Instructors range from Andy Benes, a former Cardinal pitcher to Steve Stipanovich former player from the Indiana Pacers in the NBA. The arts department is also well staffed. Jim Butz, a widely known actor who featured as Hamlet in the St. Louis Shakespeare Festival and who received the Kevin Kline Award for a previous role will be head instructor of the Drama camp.
“Whatever you like to do, you’re going to find someone who is an expert in that sort of camp,” said Karsten.
The camp offers both half day and full day sessions as well as a lunch break in the middle of the day and an Extended Care Program for both sessions.
The camp sessions include cooking, The Play, soccer, swimming, dance and cheer, art, musical theatre, wrestling, band, chess, tennis, moving making, improvisation, and a Readers Workshop where students will learn to flourish in his or her specific interests. From fundamentals to improving technique and beyond, these camps are created to aid kids as they work to master their God-given skills and abilities.
“Kids will be learning new things, getting to practice sports, art, drama, music, cooking, and more while building relationships with other kids and the camp counselors,” said Karsten.
Registration for these camps began in February and will continue through early June. Currently, there are two-hundred-sixty students enrolled, but the goal is six hundred kids or more. This would be in competition to the other camps around the St. Louis area that have been established for years such as MICDS Camp Pegasus.
One aspiration the camp hopes to achieve is to open the new campus to a whole new generation of kids throughout the entire community and present opportunities for the kids to grow.
“I’m so excited to see Westminster full of younger kids throughout the month of June. We’ll have kids here from all over the community and we have so many different camps that there’s something to fit every kid’s interests,” said Karsten.
The schedule for the campers will be split into two parts. Students may stay for either the entire day and participate in two sessions with a lunch break in between, or attend only one session for half the day.
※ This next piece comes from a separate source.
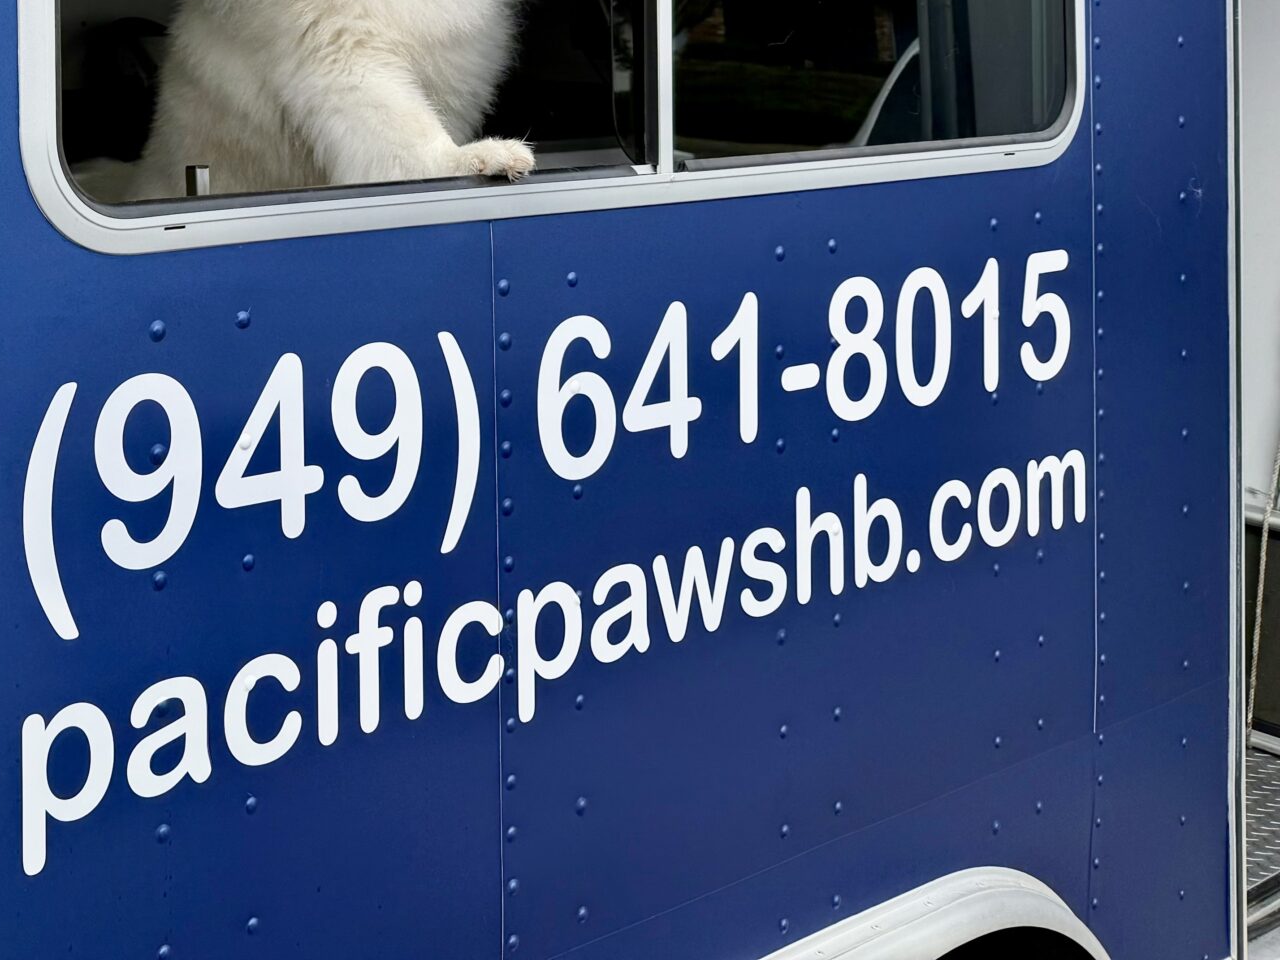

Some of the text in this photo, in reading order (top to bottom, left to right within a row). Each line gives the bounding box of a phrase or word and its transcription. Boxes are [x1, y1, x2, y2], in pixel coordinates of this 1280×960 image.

[22, 249, 1071, 640] (949) 641-8015
[21, 449, 1086, 876] pacificpawshb.com
For the younger kids who may be interested in a wide variety of subjects, the camp offers “Camp Wildcat” where kids will do a variety of sports, arts and crafts, and other fun activities.
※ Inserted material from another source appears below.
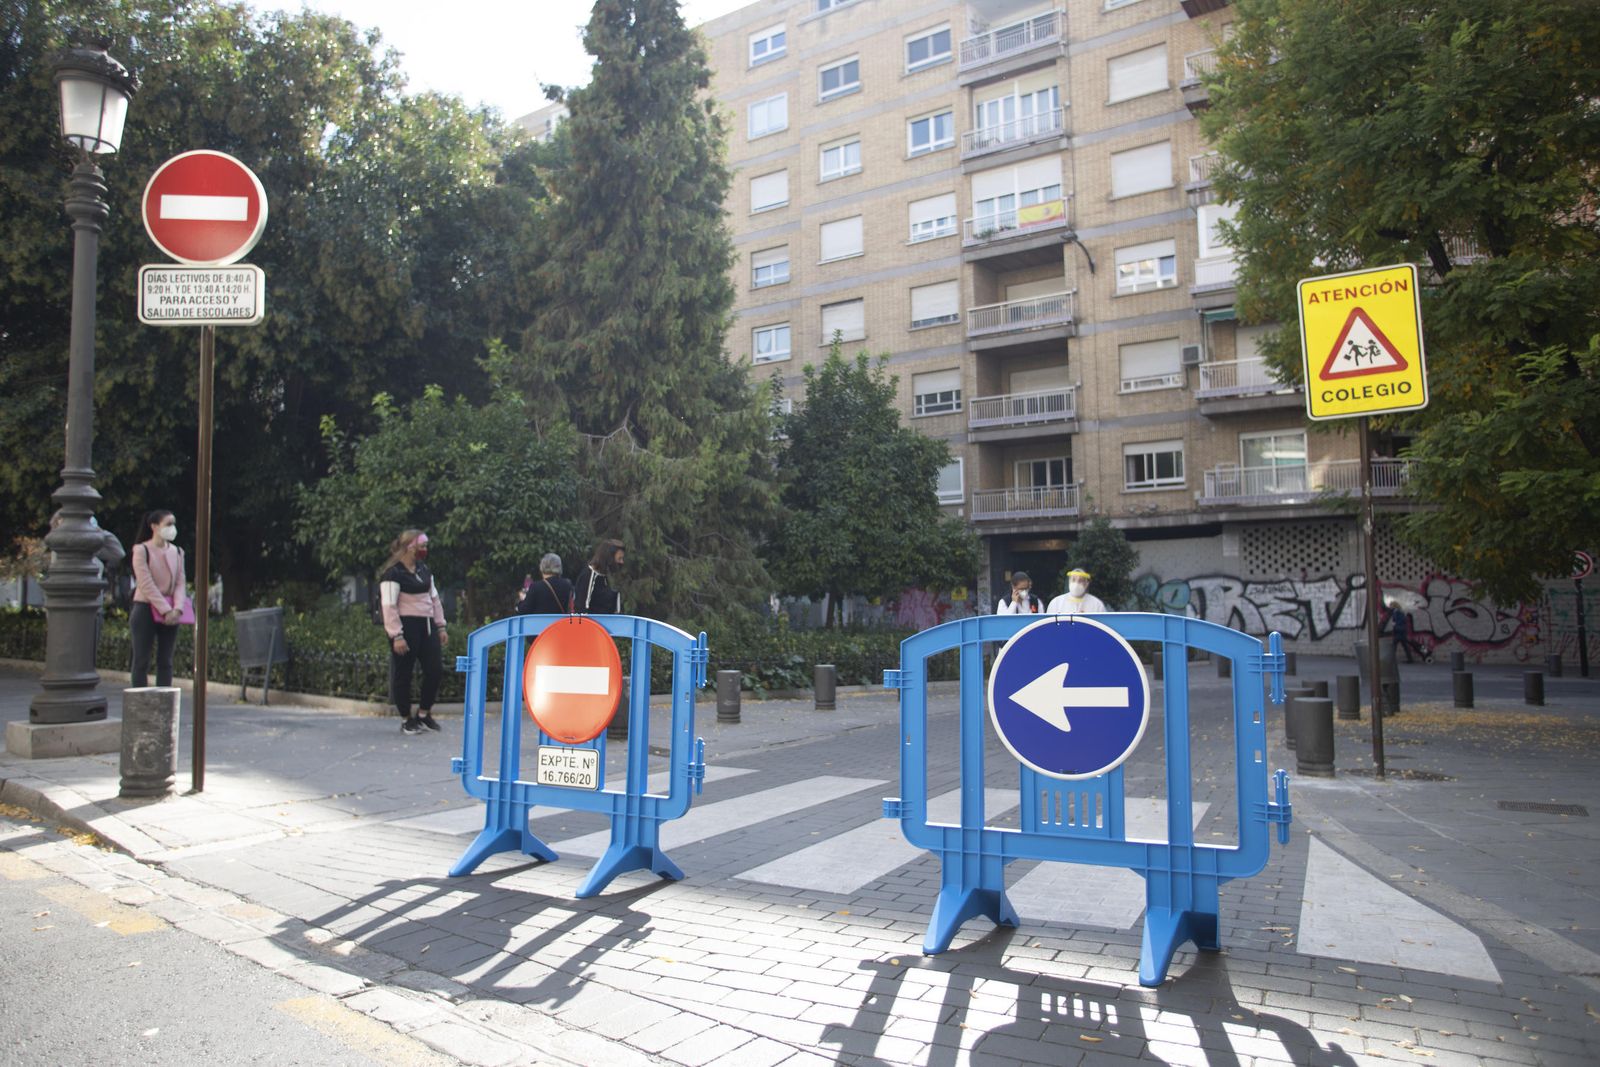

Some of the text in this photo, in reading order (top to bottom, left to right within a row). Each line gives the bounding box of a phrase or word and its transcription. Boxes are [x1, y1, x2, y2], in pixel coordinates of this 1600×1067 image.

In the past, the camps at Westminster were for specific areas such as soccer or cheerleading and kids were only able to participate in one or the other. This new factor widens the variety of students as well as presents more opportunities for Westminster to share its new campus.
“I think the camp is a good opportunity to open Westminster to the community and to invest in the lives of the younger kids that might attend this school one day,” said Kaylie Duke, Camp Westminster employee.
Another new feature is the hiring of student help. High school students can acquire paid jobs through Westminster to aid the children in different areas of the camp.
“The best part of the job is just being able to meet different people whether it’s the workers or the kids. It would just be a great chance to meet new people,” said Kayla Hampton, an applicant for the job.
Employees would work about four to five days a week in the various camps helping the adult session leaders.
“I am most excited to spend time with a bunch of little kids and help them grow in the area they are most interested in,” said Anna Gaffney, camp instructor.
The camp is an exciting new chance for a younger generation to enjoy the new Westminster campus and grow in their designated areas of interest.
“It is about opportunities for great people and great programs that impact families and students and the younger children,” said Zach Clark director of advancement.